* _EXERCISE OBJECTIVE_
Repeat only part of the entries. Start at the line that has "Some of the text" and keep going through the last line, exactly as given.
RECORDS FOR PROCESSING Start Marker
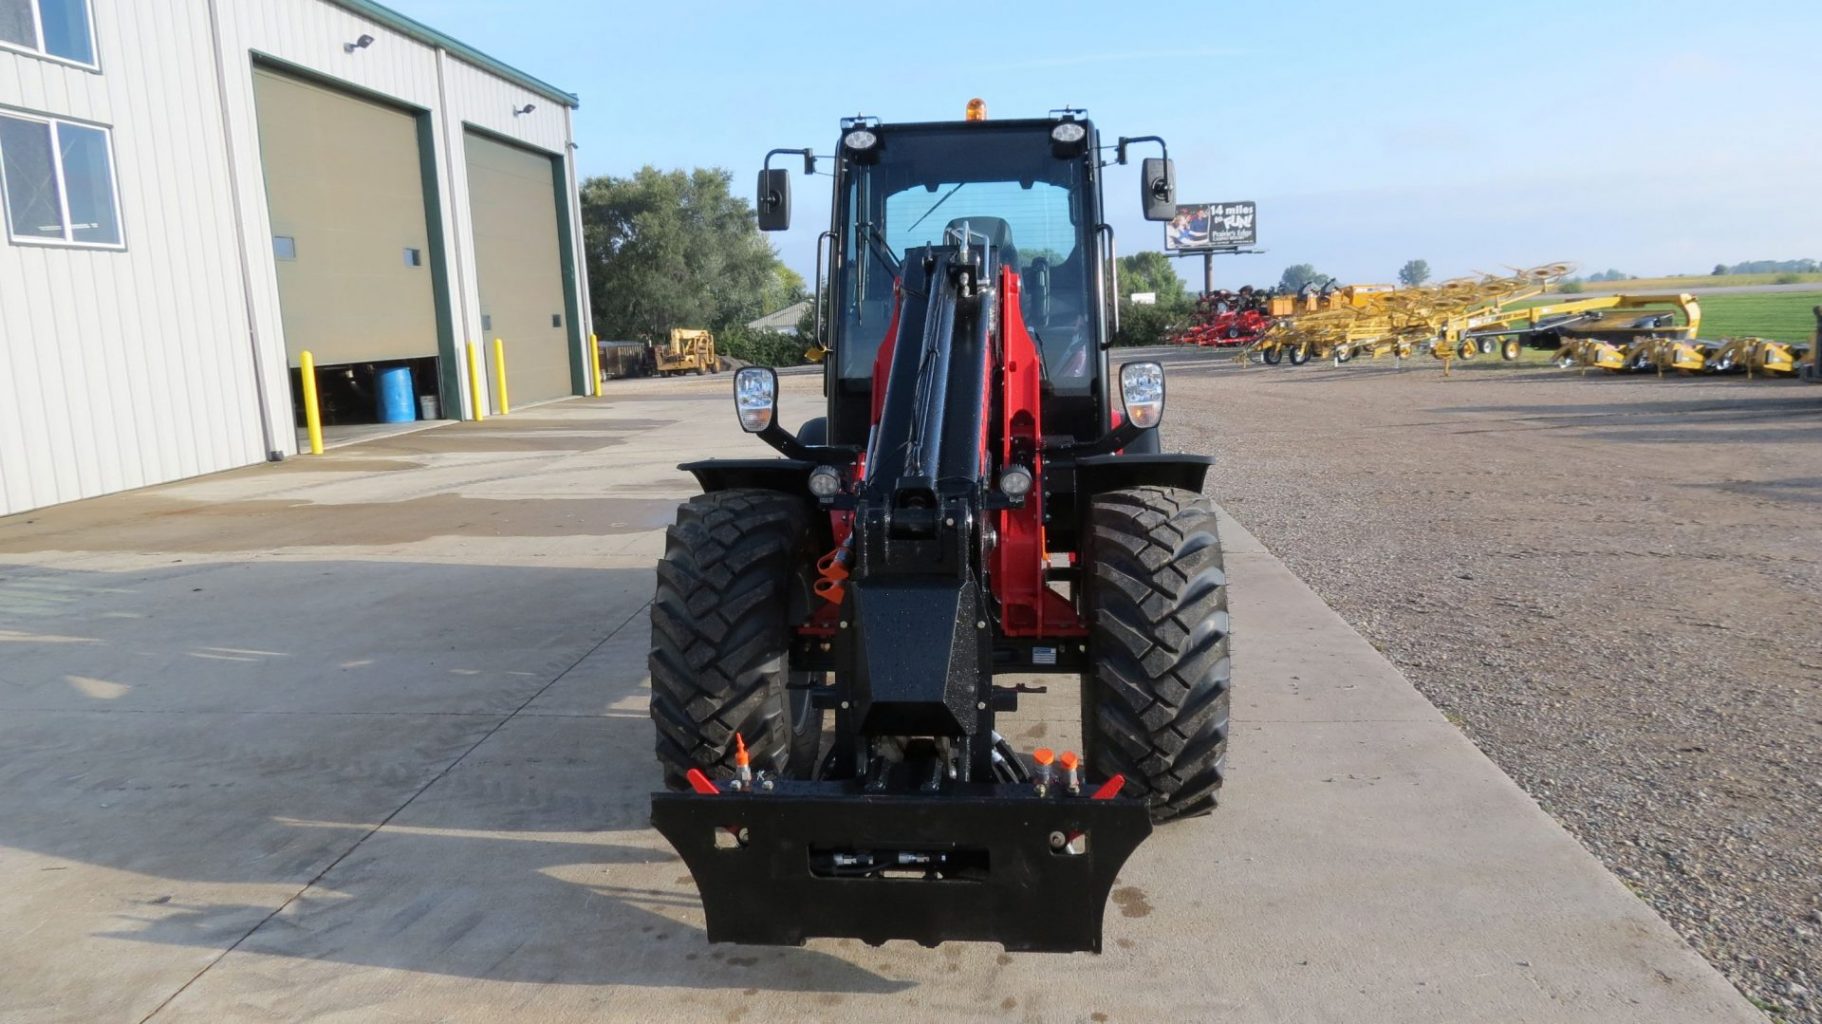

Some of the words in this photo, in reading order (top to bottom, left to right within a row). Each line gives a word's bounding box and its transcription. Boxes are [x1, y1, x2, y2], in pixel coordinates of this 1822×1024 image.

[1211, 204, 1223, 215] 14
[1226, 204, 1253, 215] miles
[1223, 214, 1253, 229] FUN!
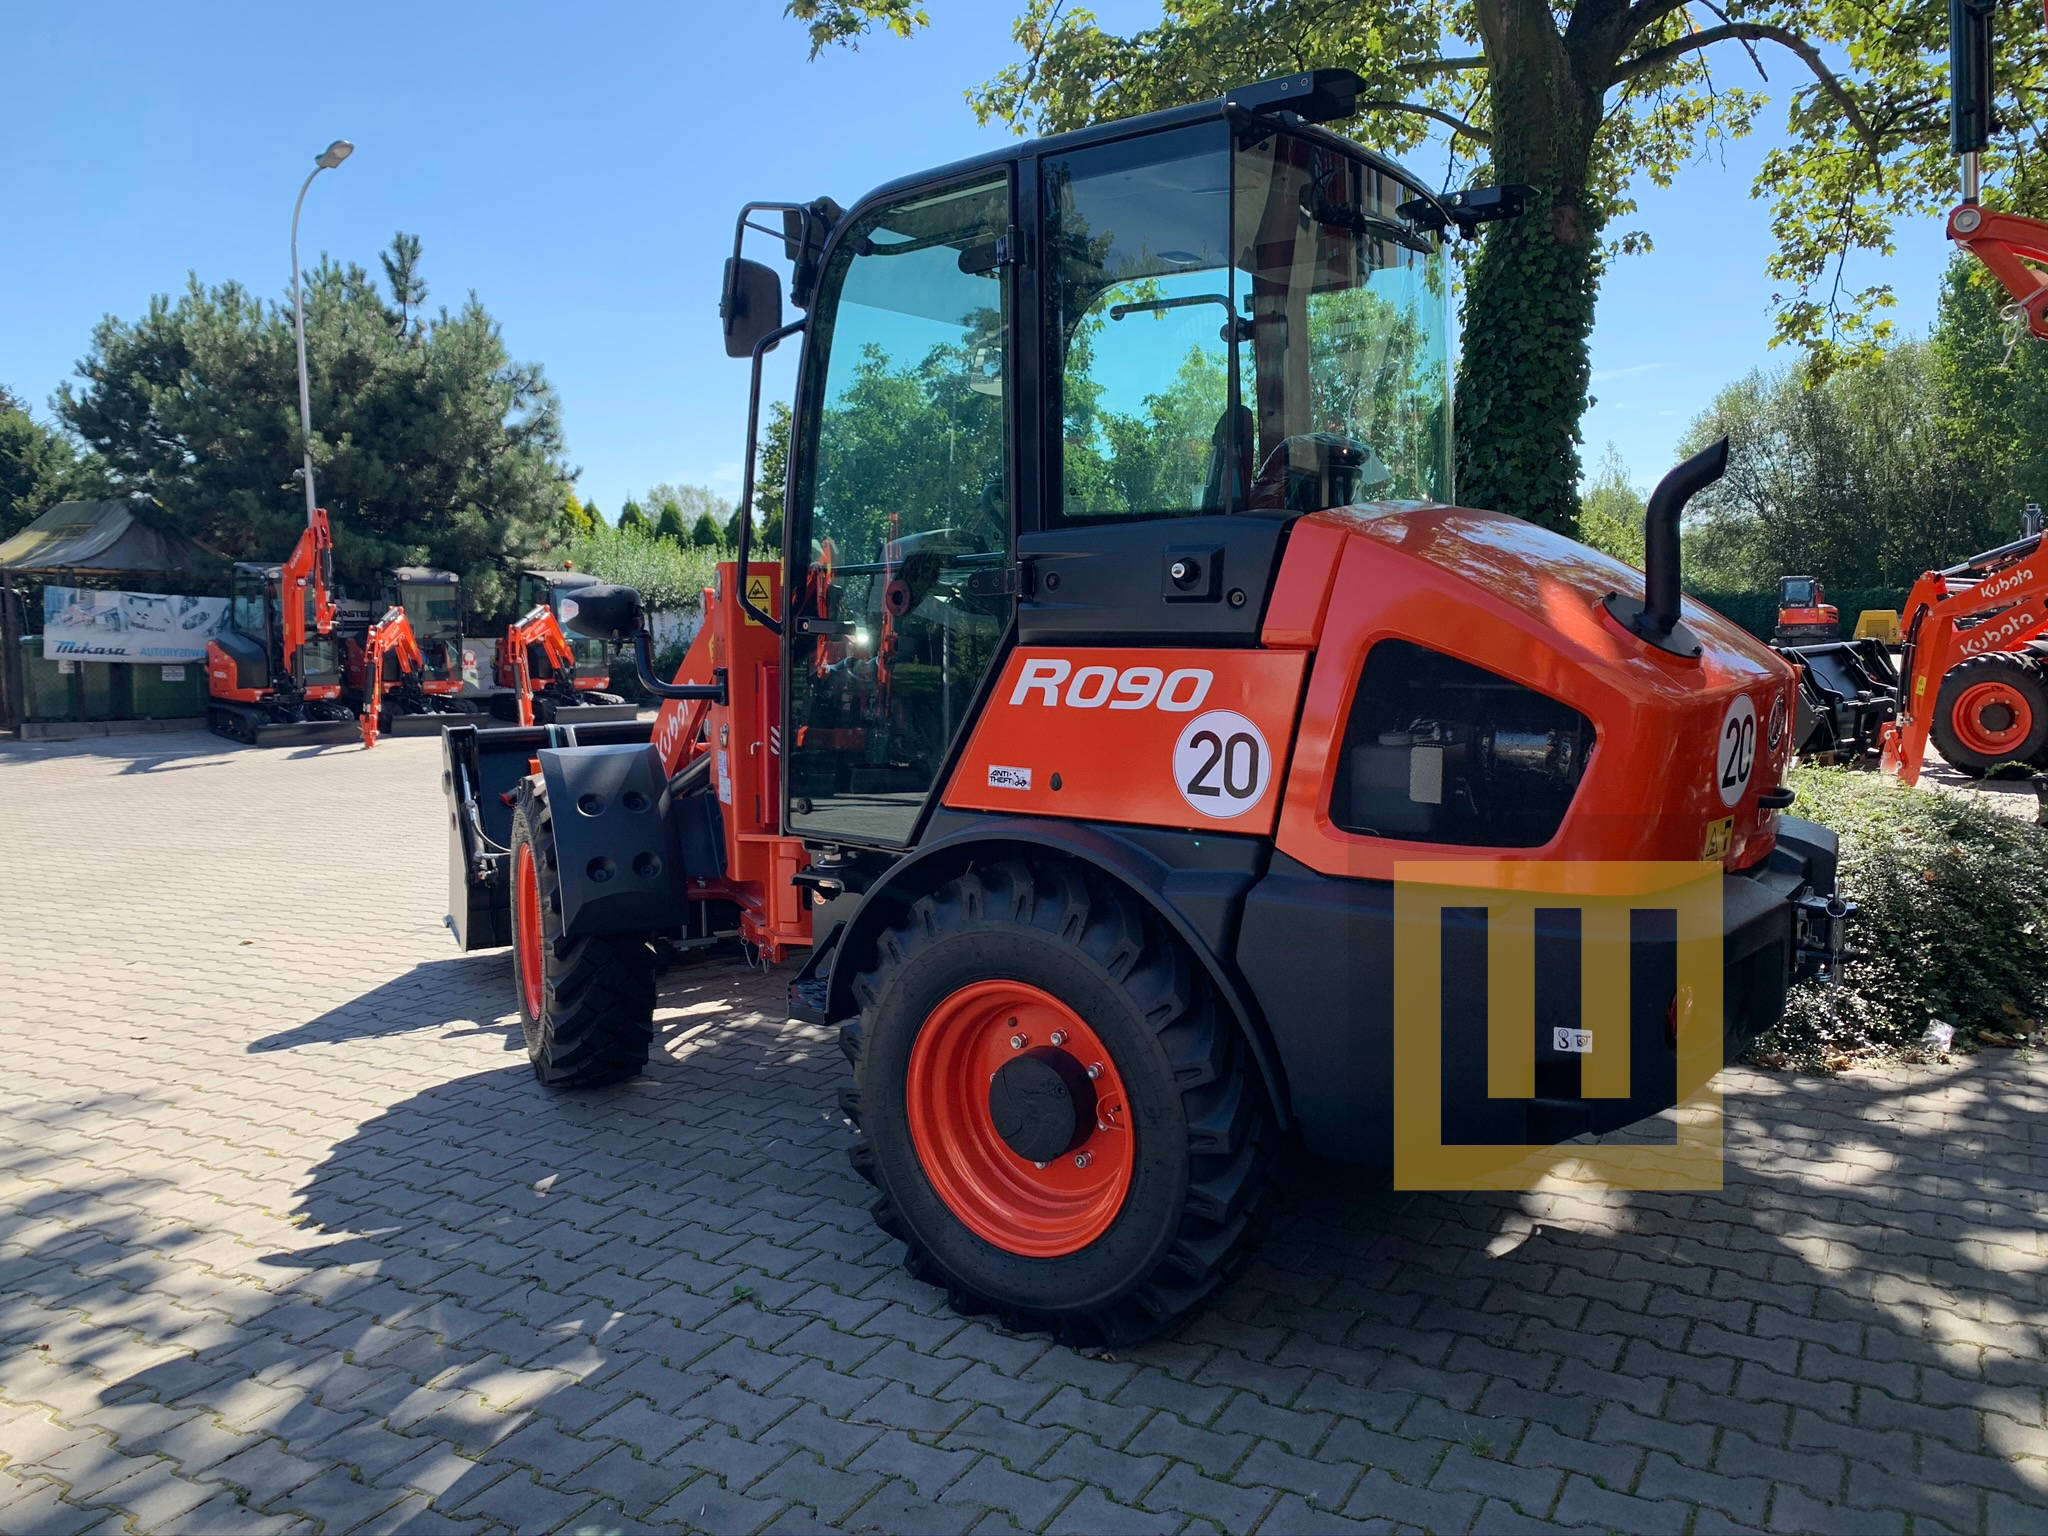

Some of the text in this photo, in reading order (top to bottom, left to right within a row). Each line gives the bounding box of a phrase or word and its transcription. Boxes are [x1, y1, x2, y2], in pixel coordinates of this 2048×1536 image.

[1981, 569, 2034, 598] Kubota
[1960, 613, 2034, 655] Kubota
[1008, 659, 1214, 712] R090
[1187, 730, 1259, 799] 20
[1721, 714, 1754, 788] 20
RECORDS FOR PROCESSING End Marker
* _OUTPUT FOR THIS TASK_
Some of the text in this photo, in reading order (top to bottom, left to right within a row). Each line gives the bounding box of a phrase or word and its transcription. Boxes are [x1, y1, x2, y2], in pixel coordinates of this 2048×1536 image.

[1981, 569, 2034, 598] Kubota
[1960, 613, 2034, 655] Kubota
[1008, 659, 1214, 712] R090
[1187, 730, 1259, 799] 20
[1721, 714, 1754, 788] 20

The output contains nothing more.